Jupiter is the largest planet in our solar system. It is so massive that we can fit around 1,300 Earths inside it! Yeah, it’s huge. Some scientists believe that the big brother Jupiter is the reason why life was possible on Earth.

To understand the role Jupiter might have played in the formation of life on Earth, we must take a step back and think about what Earth actually is. We live on a space rock floating around a burning mass of gas that we call the Sun. The problem is space rocks could be anywhere and whenever they cross the same orbit, there is always a chance of devastating collision.

For life to thrive, a planet first needs stability. Preferably it should be the only space rock in the orbit that it revolves in.

Different theories exist that explain how Jupiter helped the formation of life.

One of them is centered around Jupiter’s immense gravity (thanks to its gigantic size). As we saw earlier, there are a lot of space rocks out there. Turns out the presence of Jupiter as the fifth planet in our system deflects most of the asteroids and other celestial bodies coming into the interior of the Solar System. Under the influence of Jupiter, these rocks are slingshotted into an entirely different direction or end up falling into Jupiter itself. Jupiter bears many marks for taking these celestial hits.
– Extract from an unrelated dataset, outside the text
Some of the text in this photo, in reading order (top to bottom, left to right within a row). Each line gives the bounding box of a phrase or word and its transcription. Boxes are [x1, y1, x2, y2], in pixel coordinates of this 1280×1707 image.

This “protection” from collisions helped Earth stay safe, and allowed life to develop naturally here. If there was no Jupiter around, many of these fast-moving ice balls would have collided with Earth more frequently, thus destabilizing the planet. Our Earth would have also become just like all other lifeless planets out there.
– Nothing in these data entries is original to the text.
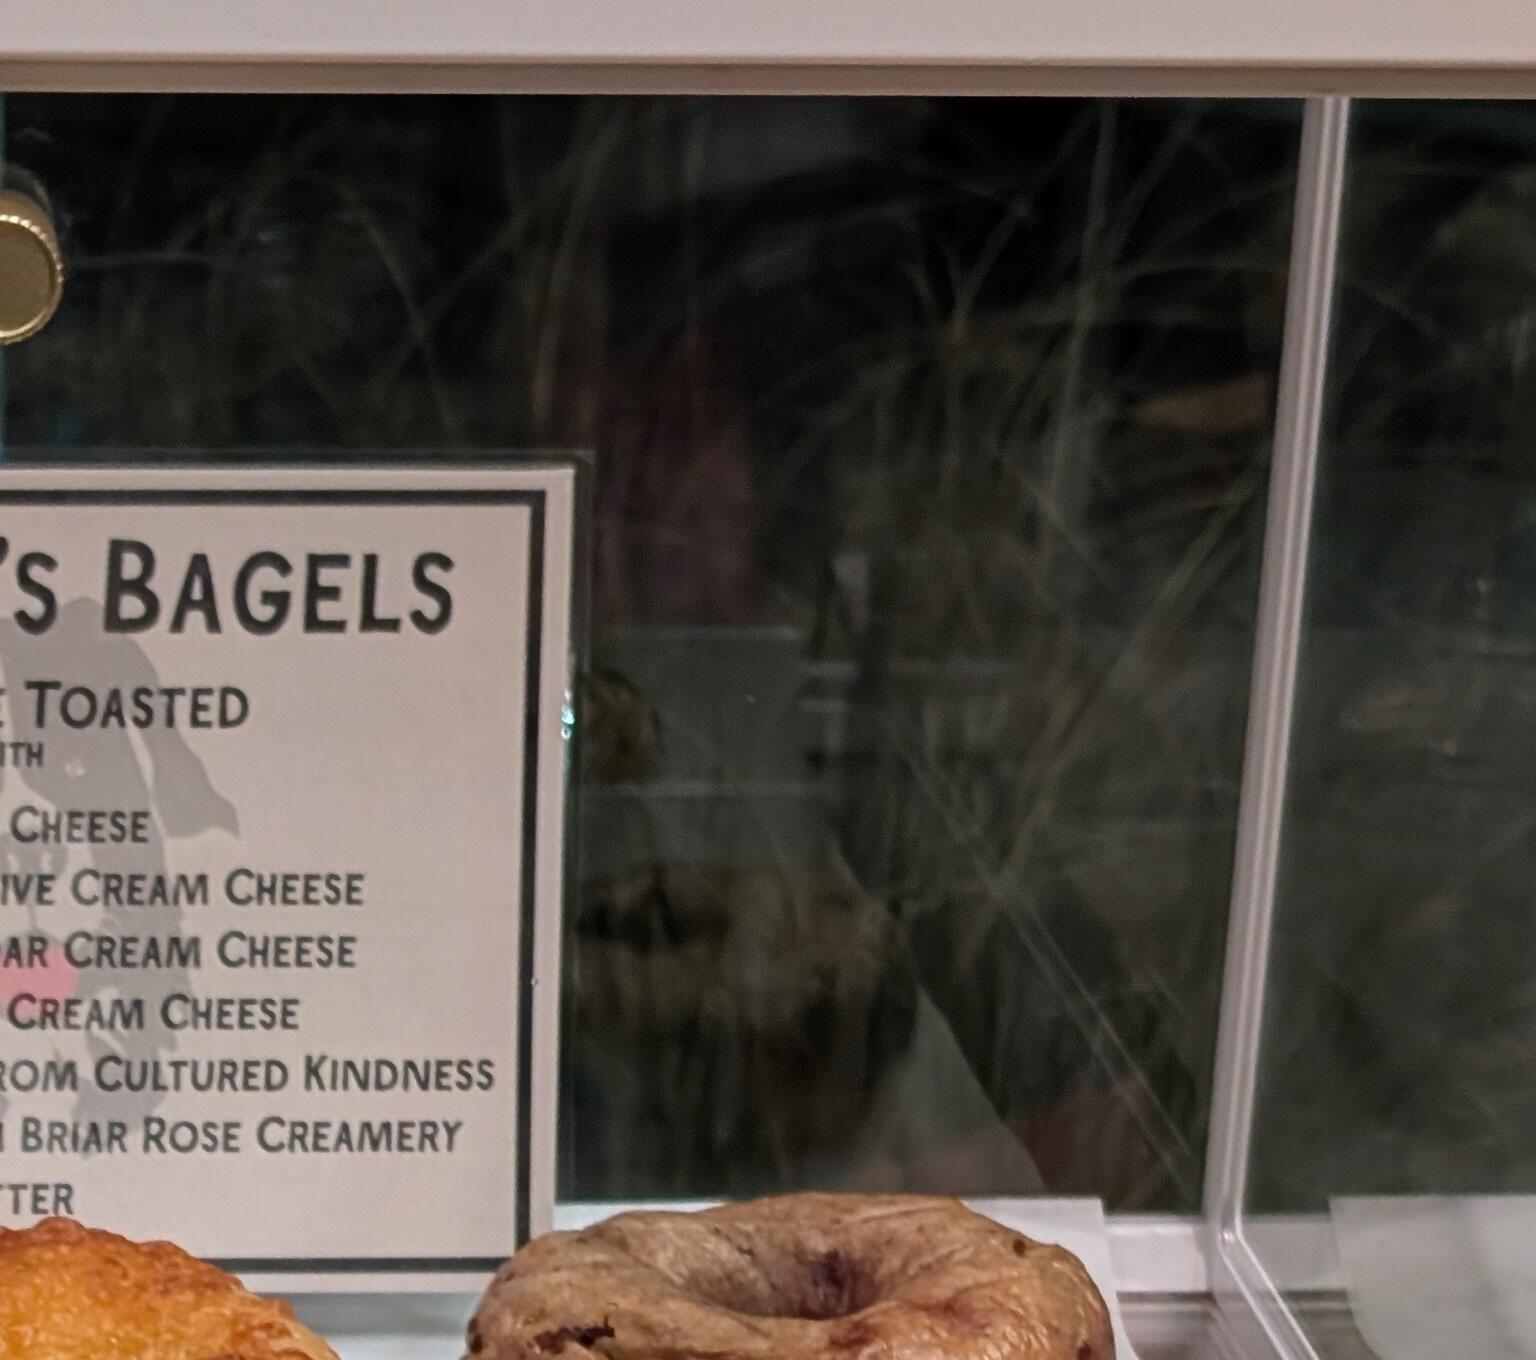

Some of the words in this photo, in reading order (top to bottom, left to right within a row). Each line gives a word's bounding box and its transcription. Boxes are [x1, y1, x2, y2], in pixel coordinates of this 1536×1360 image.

[105, 539, 455, 635] BAGELS
[26, 681, 250, 729] TOASTED
[10, 806, 149, 845] CHEESE
[71, 867, 210, 907] CREAM
[226, 867, 363, 907] CHEESE
[66, 929, 201, 971] CREAM
[218, 929, 356, 971] CHEESE
[8, 993, 145, 1031] CREAM
[161, 993, 299, 1031] CHEESE
[94, 1054, 288, 1093] CULTURED
[305, 1054, 494, 1093] KINDNESS
[19, 1115, 127, 1154] BRIAR
[143, 1115, 239, 1154] ROSE
[256, 1115, 463, 1154] CREAMERY
Another theory that exists goes to a time even before the formation of second-generation planets. Here scientists compared the Solar System with other multi-planetary systems to figure out what made us so special. These systems had few Super-Earths – larger than us but smaller than our gas giants. They were closer to their stars, more closer than how Mercury is to our Sun.
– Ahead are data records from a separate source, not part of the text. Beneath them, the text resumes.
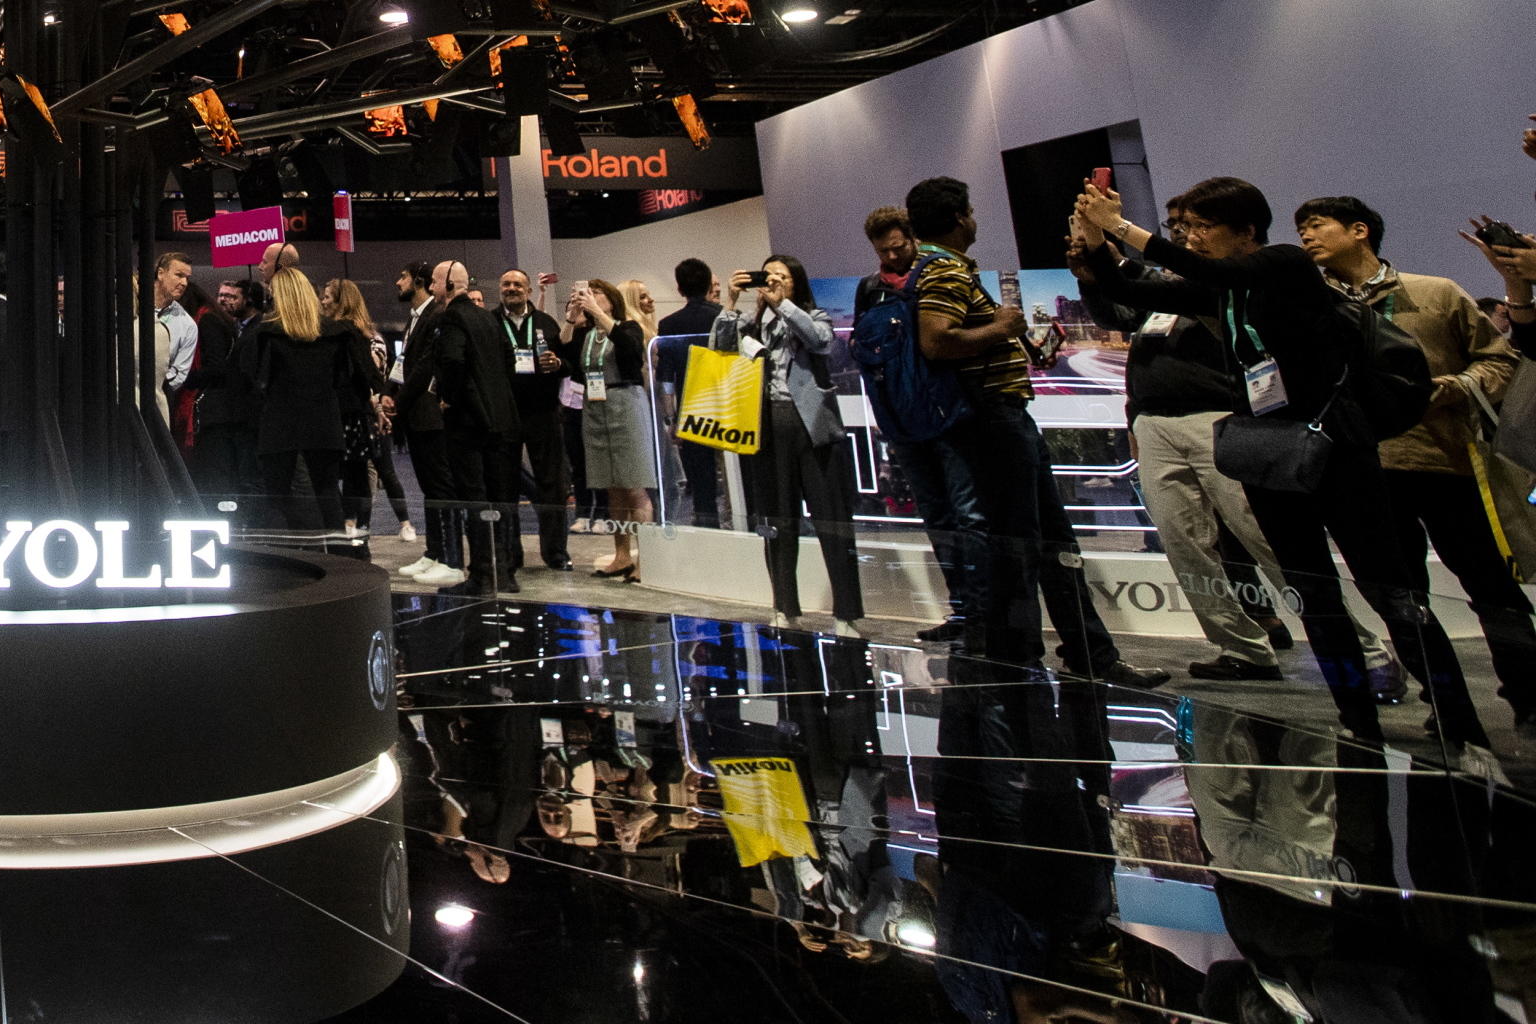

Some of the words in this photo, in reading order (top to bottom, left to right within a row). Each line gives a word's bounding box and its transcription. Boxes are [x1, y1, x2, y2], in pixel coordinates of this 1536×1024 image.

[541, 148, 667, 178] Roland
[215, 228, 278, 247] MEDIACOM
[682, 414, 756, 445] Nikon
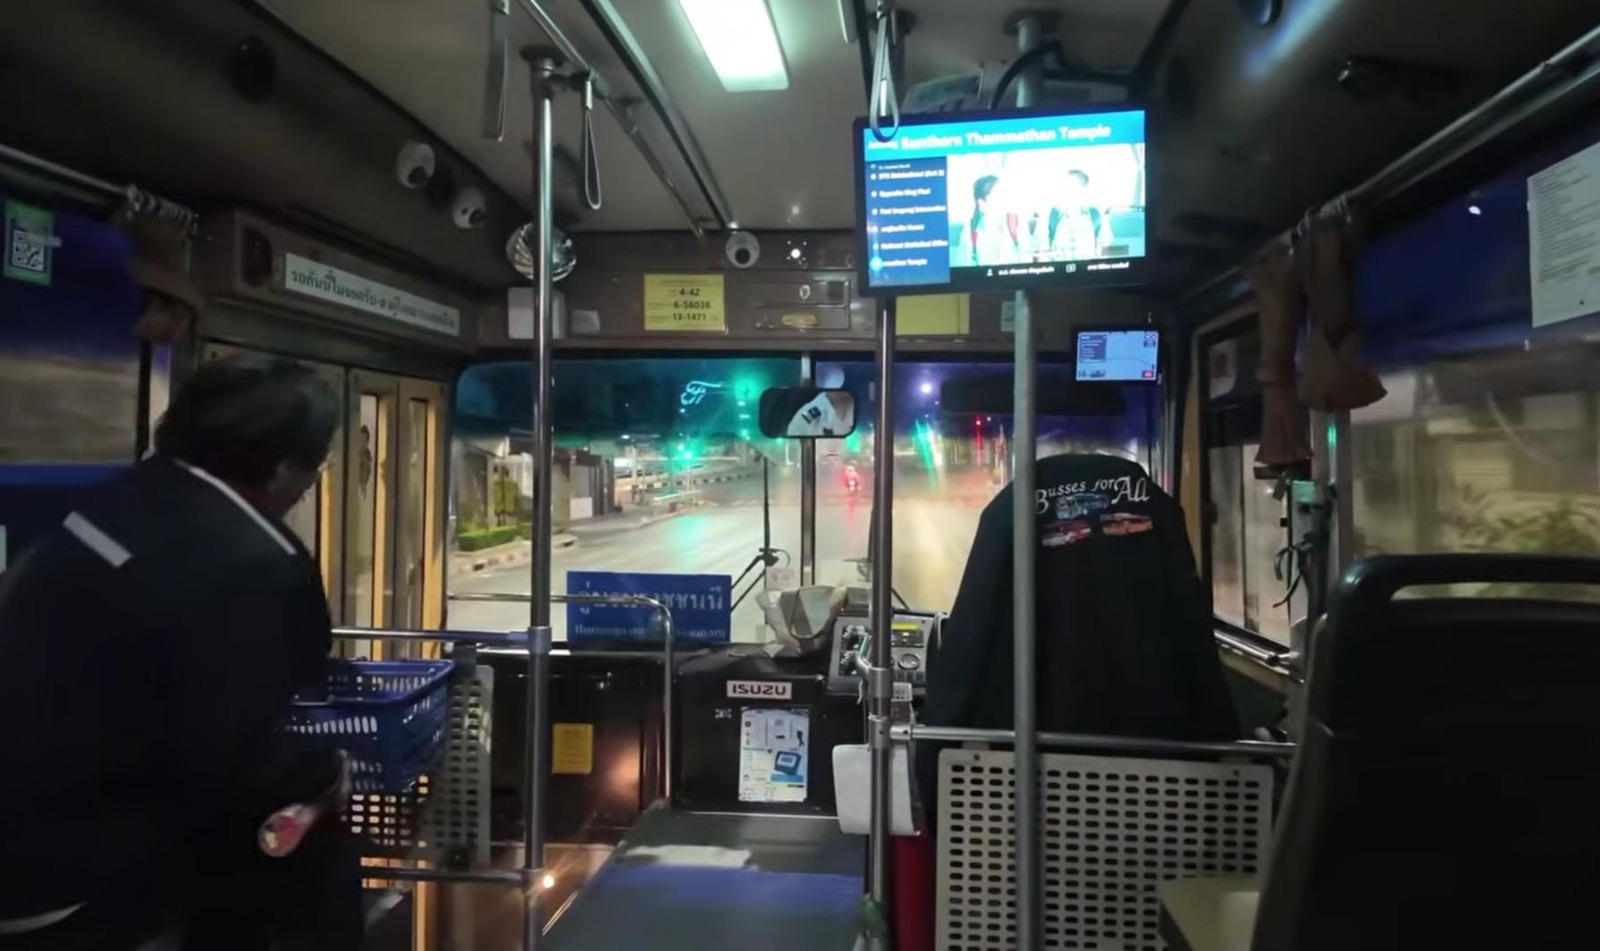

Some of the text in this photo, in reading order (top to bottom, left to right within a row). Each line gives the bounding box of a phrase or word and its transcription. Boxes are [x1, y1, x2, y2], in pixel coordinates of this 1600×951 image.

[1059, 124, 1111, 141] Temple
[679, 288, 700, 297] 4-42
[1034, 476, 1151, 515] Busses for All
[732, 684, 787, 696] ISUZU
These scientists believe that gas Giants such as Jupiter have played a vital role in structuring the Solar system as we see it today. Sometime in the past, Jupiter traveled towards the sun, causing it to collide with multiple planets that existed then. These catastrophic collisions did two things – created the smaller planets that we see today in the inner belt, while Jupiter absorbed most of the other flying bodies in the area. By the time Saturn was forming, Jupiter retreated back to its current position, thus stabilizing the solar system.

Jupiter’s presence limited the collision period to somewhere around 10 to 100 million years from the time planets were formed. Researchers argue that if Jupiter was not present these collisions would have been more frequent and might still continue even now. The angular momentum that Jupiter and other gas giants added to the solar system either threw the space objects out or allowed them to settle into existing planets faster.

So is Jupiter our eternal protector?
Well, yes and no. Yes because of all the reasons above. But then there are instances where asteroids are thrown into our direction because of the presence of Jupiter. Back in 1770, there was a close encounter for us when a Comet called Lexell came as close as 1 AU after being diverted towards the Sun by Jupiter 3 years earlier. It was as if Jupiter took a shot at us and missed!